How many people have preexisting conditions and would therefore be at risk of increased coverage costs? (An important note: The MacArthur amendment would only allow rates to increase following a lapse in coverage.) The Kaiser Family Foundation analysis indicates that the breadth of what constitutes a “preexisting condition” — things from cancer to sleep apnea — means that 27 percent of Americans under the age of 65 fall into that category. That’s about 52 million people.
The American Medical Association released a statement on Wednesday criticizing the reliance on high-risk pools for covering those with preexisting conditions. Such pools “were not a panacea” for the 35 states that had them before the passage of Obamacare, with high deductibles, lifetime limits and big losses according to the Kaiser Family Foundation. The liberal group Center for American Progress estimates that the high-risk pools under the AHCA would be underfunded by about $20 billion annually. (Other estimates indicate a larger gap.) The Upton amendment adds $1.6 billion a year.

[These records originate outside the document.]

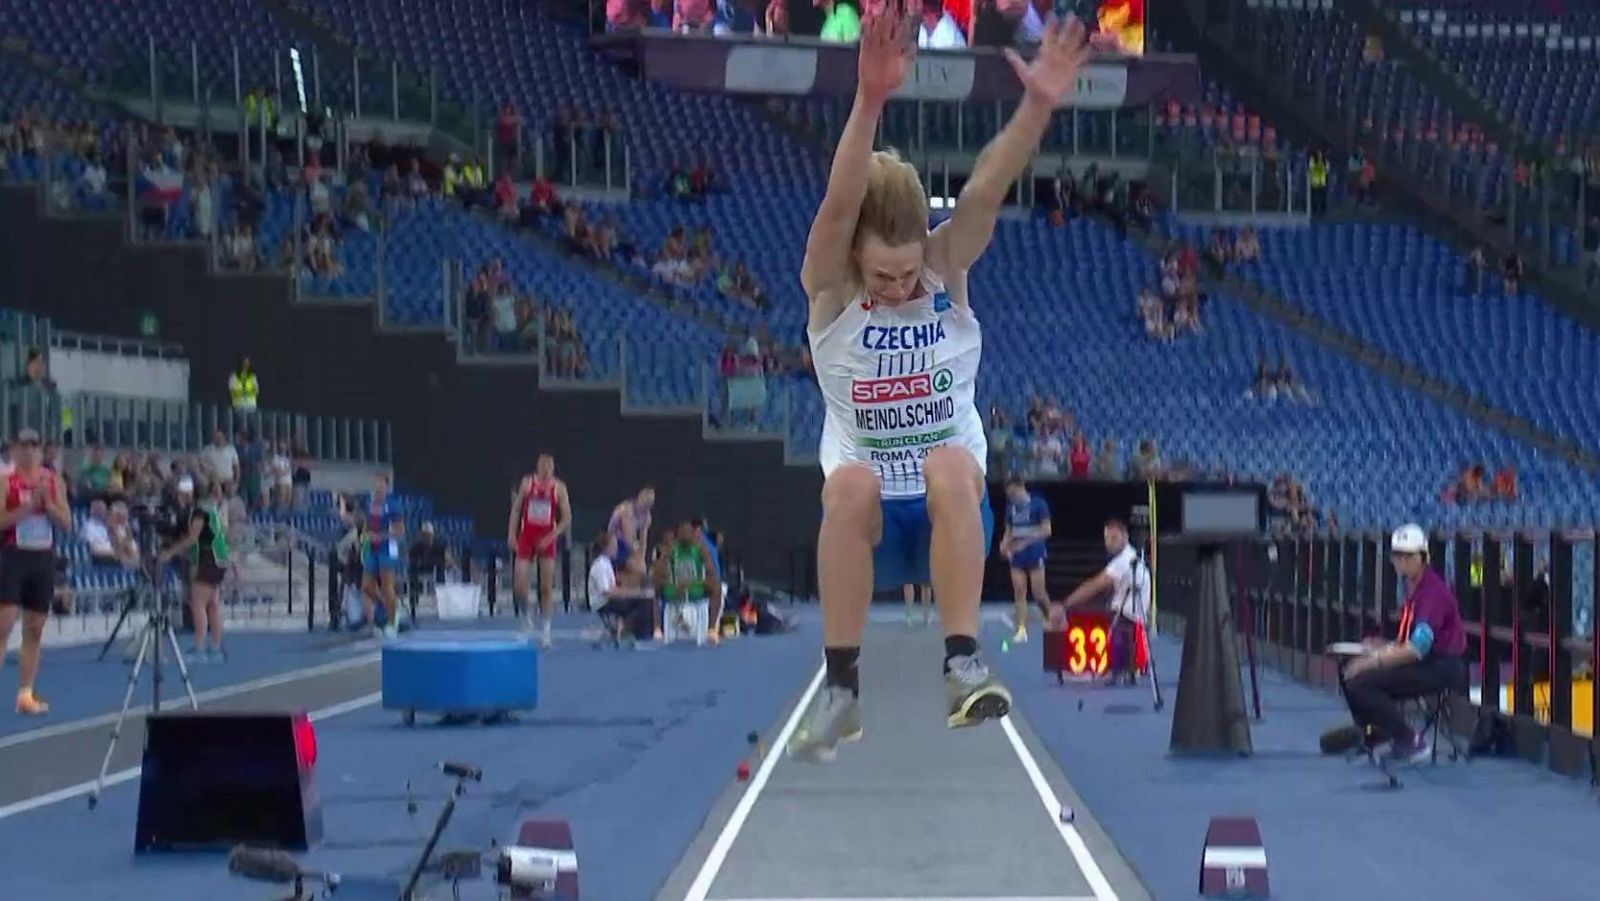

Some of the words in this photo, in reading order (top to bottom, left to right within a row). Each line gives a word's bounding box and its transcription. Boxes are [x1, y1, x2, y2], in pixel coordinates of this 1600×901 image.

[863, 320, 946, 350] CZECHIA
[854, 378, 930, 400] SPAR
[855, 396, 954, 430] MEINDLSCHMID
[881, 439, 903, 448] RUN
[904, 432, 938, 445] CLEAN
[870, 449, 915, 461] ROMA
[1069, 626, 1107, 673] 33

AARP estimates that annual costs for those with preexisting conditions could increase to $25,700 annually — relying on those high-risk pools to offset the costs. New analysis released on Thursday estimates that the funding in the AHCA would be enough to cover only 5 percent of those currently enrolled in the Obamacare exchanges who have a pre-existing condition.
News outlets have reported a number of other salient factors.

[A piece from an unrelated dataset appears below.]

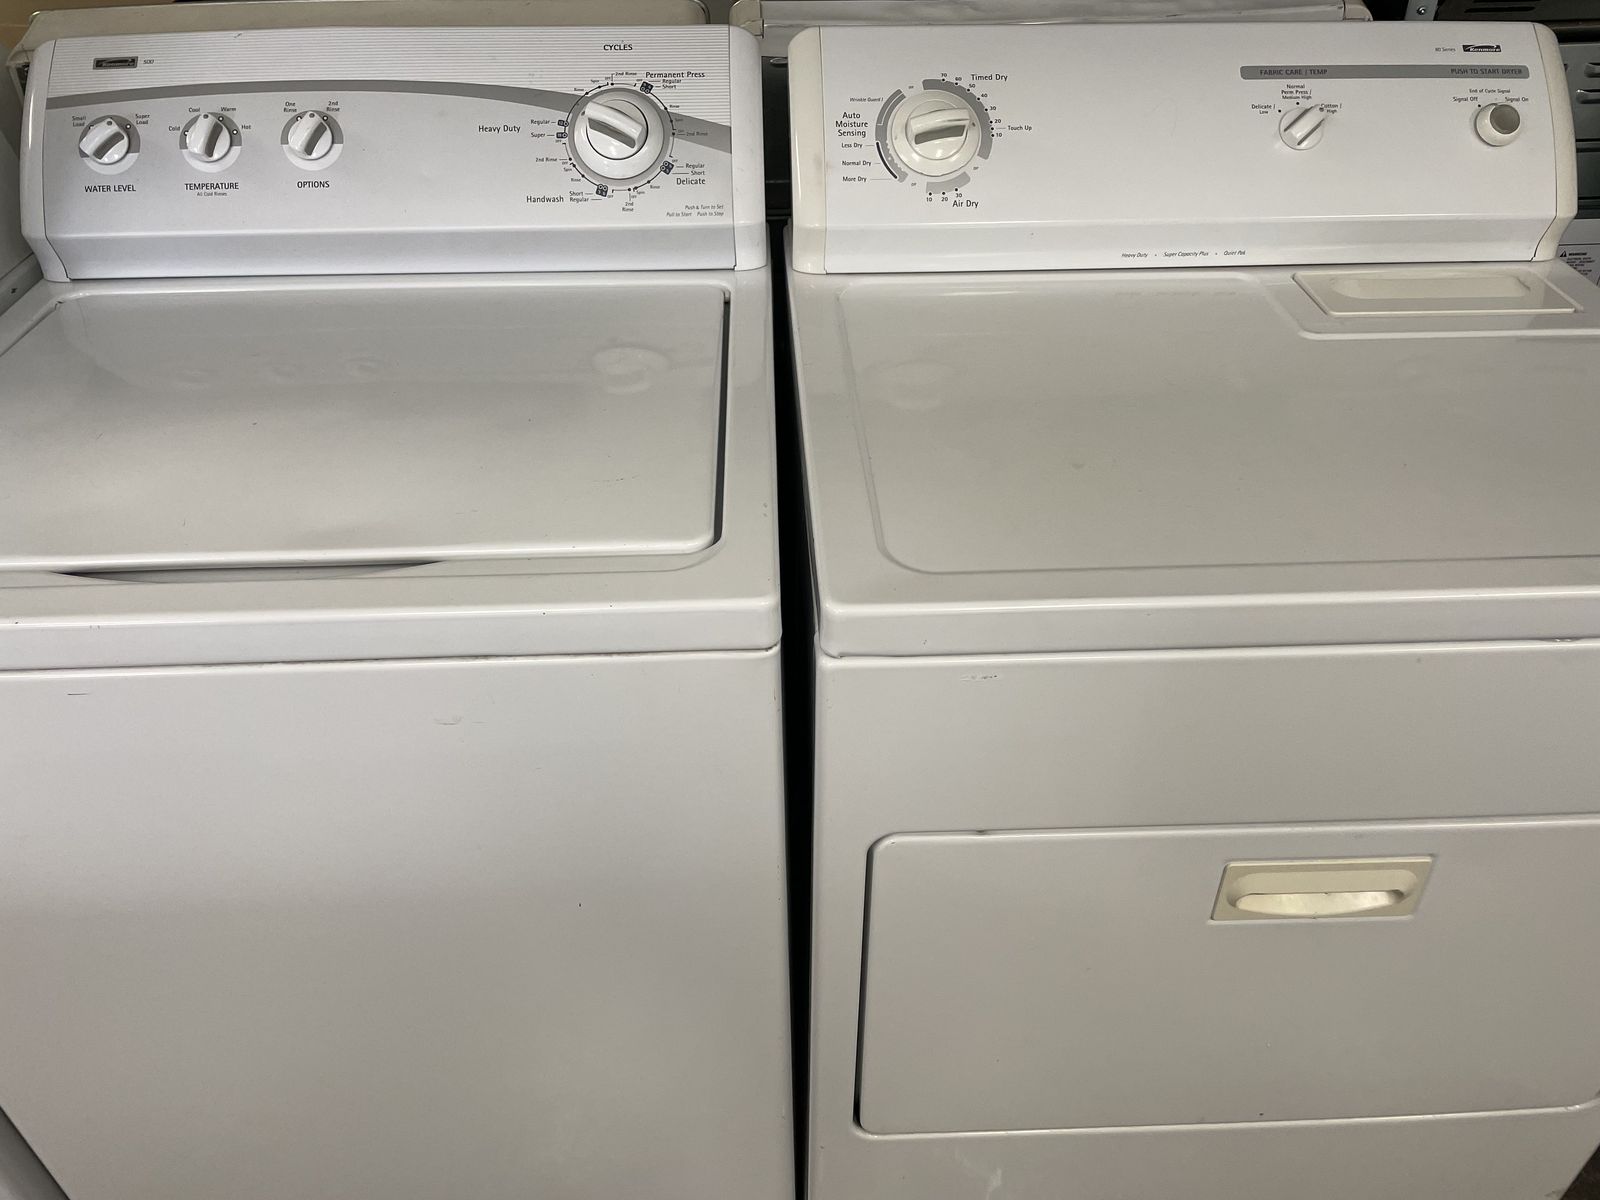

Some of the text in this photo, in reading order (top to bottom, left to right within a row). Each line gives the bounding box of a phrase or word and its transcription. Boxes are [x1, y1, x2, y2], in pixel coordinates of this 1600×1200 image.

• The New York Times notes that the cuts to Medicaid spending may not only affect health coverage for low-income Americans, but also funding for special education programs in public schools. An alliance of school administrators and school psychologists has publicly opposed the AHCA.
• The Wall Street Journal reports that the effects of the AHCA’s changes wouldn’t be limited to the population that has coverage through an Obamacare insurance exchange or who are on Medicaid. Even those with coverage from their insurers could be affected, the Journal’s Stephani Armour and Michelle Hackman write.
Under the House bill, large employers could choose the benefit requirements from any state — including those that are allowed to lower their benchmarks under a waiver, health analysts said. By choosing a waiver state, employers looking to lower their costs could impose lifetime limits and eliminate the out-of-pocket cost cap from their plans under the GOP legislation.
In other words, employers will be able to pick criteria from states that reduce their costs — and reduce coverage and introduce lifetime spending caps for their employees. According to Vox, 91 million Americans had plans with lifetime spending limits before the passage of Obamacare, which removed them.
• When the MacArthur amendment was first unveiled, Vox’s Sarah Kliff found that Congress — which has coverage through the Obamacare exchanges by law — would be exempted from the effects of the amendment. That loophole still exists, though MacArthur has pledged to close it in future legislation.
On Wednesday, a particularly unusual party came out against the AHCA: an insurer.
Paul Markovich, chief executive of Blue Shield of California, told California Healthline that the AHCA “could return us to a time when people who were born with a birth defect or who became sick could not purchase or afford insurance.” Markovich called it a “moral imperative” to guarantee coverage. Certainly insurers would like more people to enroll in insurance plans, but it’s unusual for an insurer to want to see more costly patients sign up.
It’s important to reiterate that the long-term effects of the AHCA are uncertain. While CBO estimates aren’t perfect (they famously overestimated the increase in the number of insured people under Obamacare, for example), they’re meant to provide solid guidance for members of Congress to inform their decision-making.
In the absence of a CBO score, members of Congress are left looking at a glass of water and trying to determine if it’s half-full or half-empty. In this case, it’s not clear how much water is in the glass at all.